With no line left out, restate the data word for word.

[[ LISTED RECORDS, beginning ]]

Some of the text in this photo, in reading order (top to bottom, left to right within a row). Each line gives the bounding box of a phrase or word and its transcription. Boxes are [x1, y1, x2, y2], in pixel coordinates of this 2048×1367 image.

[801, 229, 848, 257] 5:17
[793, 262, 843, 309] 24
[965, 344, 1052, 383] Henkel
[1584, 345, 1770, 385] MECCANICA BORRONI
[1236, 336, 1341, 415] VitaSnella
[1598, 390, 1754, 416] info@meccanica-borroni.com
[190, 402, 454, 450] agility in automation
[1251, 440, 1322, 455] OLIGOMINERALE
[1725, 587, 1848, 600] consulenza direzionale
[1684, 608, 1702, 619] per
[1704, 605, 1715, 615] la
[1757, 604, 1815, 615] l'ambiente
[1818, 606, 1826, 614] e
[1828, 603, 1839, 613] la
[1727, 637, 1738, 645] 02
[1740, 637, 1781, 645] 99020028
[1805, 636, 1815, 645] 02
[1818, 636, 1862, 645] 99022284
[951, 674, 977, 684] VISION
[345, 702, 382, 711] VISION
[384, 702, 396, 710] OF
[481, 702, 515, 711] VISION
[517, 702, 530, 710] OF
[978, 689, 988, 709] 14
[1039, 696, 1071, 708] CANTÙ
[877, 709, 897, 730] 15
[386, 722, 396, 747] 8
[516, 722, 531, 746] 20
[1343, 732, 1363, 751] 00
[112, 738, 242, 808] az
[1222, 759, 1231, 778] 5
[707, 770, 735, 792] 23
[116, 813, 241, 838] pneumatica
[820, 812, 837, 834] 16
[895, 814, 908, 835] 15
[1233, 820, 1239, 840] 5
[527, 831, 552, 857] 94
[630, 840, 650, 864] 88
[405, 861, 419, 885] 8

[[ LISTED RECORDS, end ]]

> _REPLY TO THE TASK_
Some of the text in this photo, in reading order (top to bottom, left to right within a row). Each line gives the bounding box of a phrase or word and its transcription. Boxes are [x1, y1, x2, y2], in pixel coordinates of this 2048×1367 image.

[801, 229, 848, 257] 5:17
[793, 262, 843, 309] 24
[965, 344, 1052, 383] Henkel
[1584, 345, 1770, 385] MECCANICA BORRONI
[1236, 336, 1341, 415] VitaSnella
[1598, 390, 1754, 416] info@meccanica-borroni.com
[190, 402, 454, 450] agility in automation
[1251, 440, 1322, 455] OLIGOMINERALE
[1725, 587, 1848, 600] consulenza direzionale
[1684, 608, 1702, 619] per
[1704, 605, 1715, 615] la
[1757, 604, 1815, 615] l'ambiente
[1818, 606, 1826, 614] e
[1828, 603, 1839, 613] la
[1727, 637, 1738, 645] 02
[1740, 637, 1781, 645] 99020028
[1805, 636, 1815, 645] 02
[1818, 636, 1862, 645] 99022284
[951, 674, 977, 684] VISION
[345, 702, 382, 711] VISION
[384, 702, 396, 710] OF
[481, 702, 515, 711] VISION
[517, 702, 530, 710] OF
[978, 689, 988, 709] 14
[1039, 696, 1071, 708] CANTÙ
[877, 709, 897, 730] 15
[386, 722, 396, 747] 8
[516, 722, 531, 746] 20
[1343, 732, 1363, 751] 00
[112, 738, 242, 808] az
[1222, 759, 1231, 778] 5
[707, 770, 735, 792] 23
[116, 813, 241, 838] pneumatica
[820, 812, 837, 834] 16
[895, 814, 908, 835] 15
[1233, 820, 1239, 840] 5
[527, 831, 552, 857] 94
[630, 840, 650, 864] 88
[405, 861, 419, 885] 8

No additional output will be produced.